GLF Bankruptcy Law Change In The News

President Obama has announced his support for several changes to existing bankruptcy law. These changes should assist those people who have been caught-up in the economic turmoil that is now referred to as “the Great Recession.” The changes are also aimed at stemming the tide of foreclosures throughout the country.

On February 18, 2009, the President announced his plan to rescue families who are facing foreclosure as a result of the current economic downturn. During the press conference in Arizona, the President discussed not only his plan to help homeowners, but referenced his support of legislation in Congress right now – the “Helping Families Save Their Homes Bankruptcy Act of 2009.” The act is discussed below in this article. One additional comment which escaped most observers was the President’s statement that one of his administration’s goals was to reform bankruptcy rules to make seeking bankruptcy relief easier for individuals. Perhaps this signals some revisions to the Bankruptcy Abuse Prevention and Consumer Protection Act (“BAPCPA”), a set of rules implemented on October 17, 2005 – primarily at the urging of the credit card companies. BAPCPA has been widely regarded as a complete failure by industry experts as it has not accomplished its goal of preventing abuse and protecting consumers. Instead, the Act has been criticized for only causing more backlogs in the courts, and not addressing the true sources of abuse in bankruptcy. Although specifics have not been announced, the hope of many is that the changes made in 2005’s BAPCPA will be revised or scrapped all together.

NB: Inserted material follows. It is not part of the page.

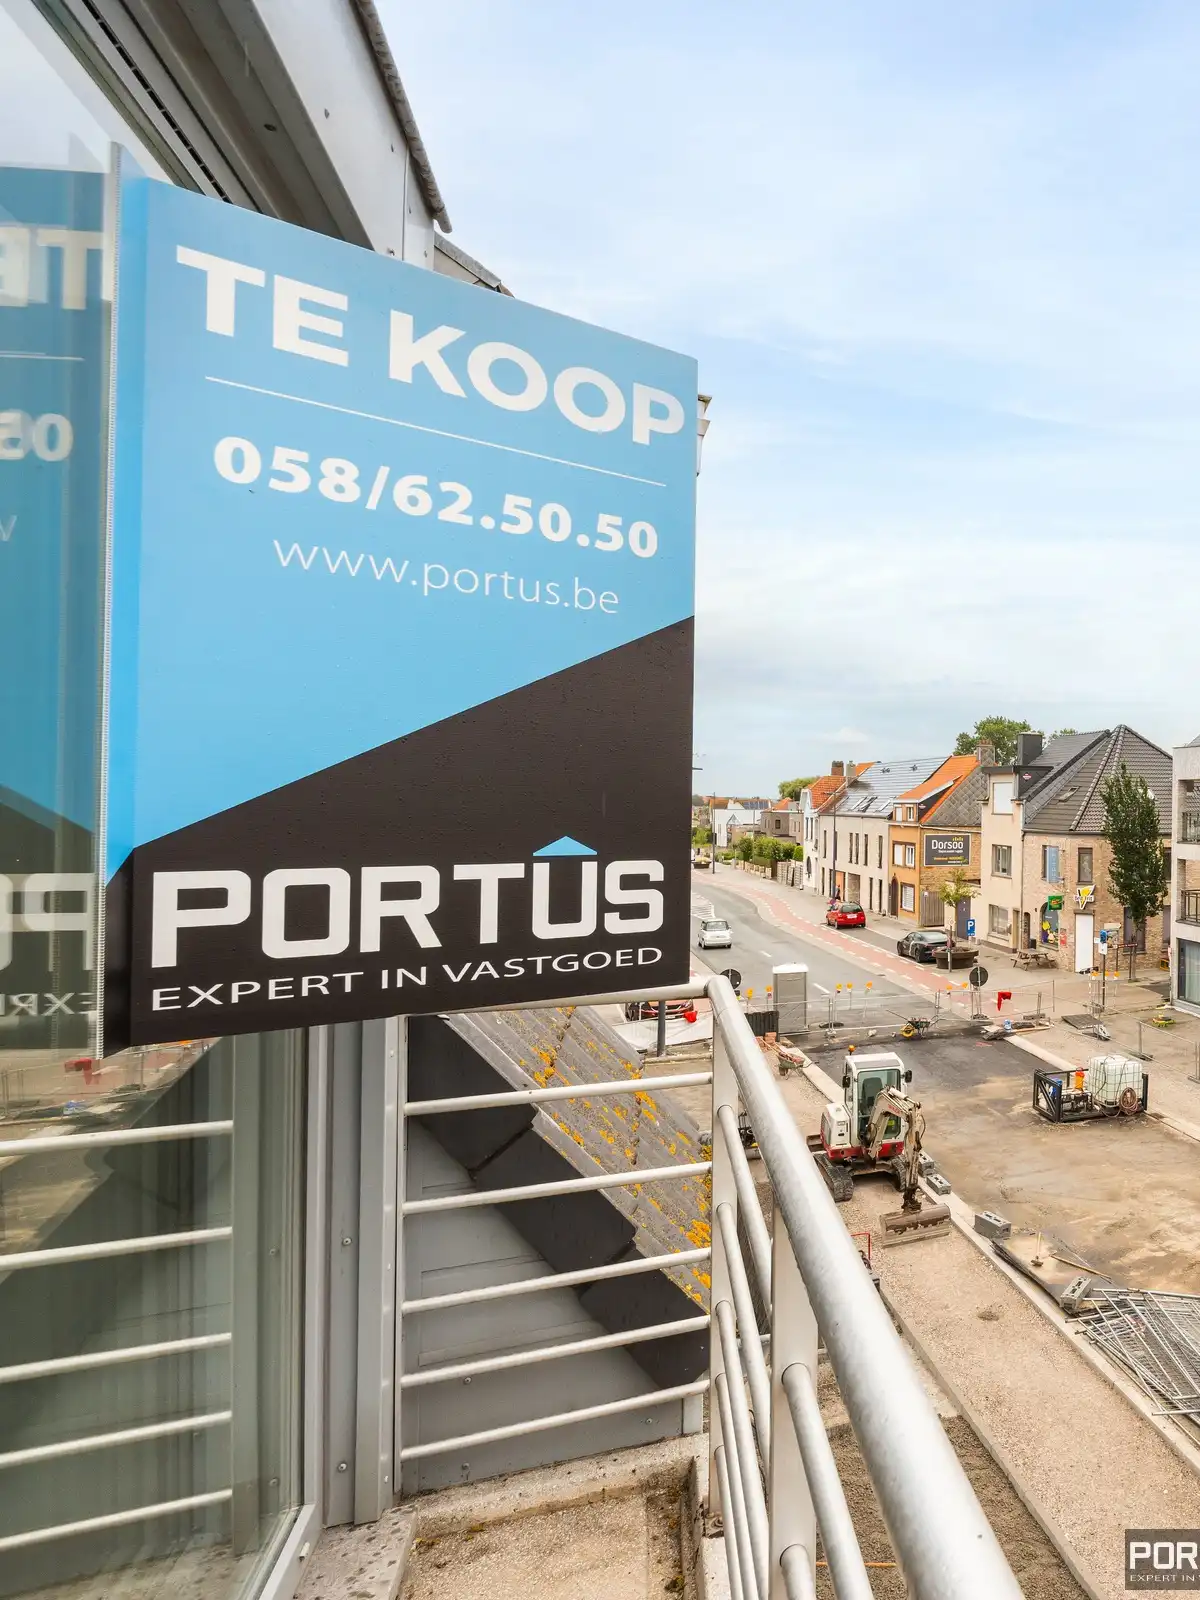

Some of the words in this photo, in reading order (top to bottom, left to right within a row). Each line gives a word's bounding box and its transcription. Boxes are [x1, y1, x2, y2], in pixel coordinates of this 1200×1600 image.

Bankruptcy Help for Homeowners.

Presently, the rules governing the treatment of a Debtor’s (someone who files bankruptcy) home don’t provide a great deal of help to someone facing the loss of a home. In year’s past, Chapter 13 bankruptcy was seen as a good tool for someone who had fallen behind on their mortgage because of either unanticipated catastrophic expenses (uninsured health costs, or otherwise) or because of a temporary loss of income. In that case, Chapter 13 allows the Debtor to (1) stop a pending foreclosure, and (2) repay the past-due amounts in their Chapter 13 plan over 3 to 5 years. In years past, this remedy was deemed sufficient because a large number of debtors only experienced a temporary setback in their ability to pay their mortgage on time, and they eventually returned to pulling down sufficient income to continue paying their mortgage. Chapter 7 bankruptcy offered little assistance to a Debtor with a home in foreclosure, except that the Debtor could abandon the home, and avoid any potential deficiency he might owe the lender (the difference between his mortgage and what the bank recovered in foreclosure). Again, in some circumstances, this was a useful tool, but the application today is somewhat limited.

Why Is Change Needed?

Change in the Bankruptcy Code are needed at this point because the crisis in homeownership faces challenges that just didn’t exist even 10 years ago. The emergence recently of so-called “creative” mortgages has created an entirely new set of problems that just cannot be addressed under the existing bankruptcy code. Take a homeowner who bought a house with little down, and utilizing something called a 2-28 ARM mortgage. The 2-28 Adjustable Rate Mortgage (ARM) was created by the home mortgage industry as a means of helping people get into homes, with the idea that within two years after they bought the home, they could either refinance into a fixed-rate mortgage, or their income would increase sufficiently to allow them to continue paying the mortgage. For the first two years of the loan, the payment is based upon a low, fixed interest rate referred to as a “teaser” rate. At the end of two years, the mortgage “adjusts” up to a new rate determined by the loan documents, and from that point forward for the next 28 years, the loan interest rate adjusts regularly. The problem is that initial adjustment upwards could mean the base mortgage payment at the end of year two could increase 50% or more. As we all now know, the ability refinance many of these loans vaporized as home values fell dramatically beginning in 2007, and many of these borrowers now owe more than the house is worth.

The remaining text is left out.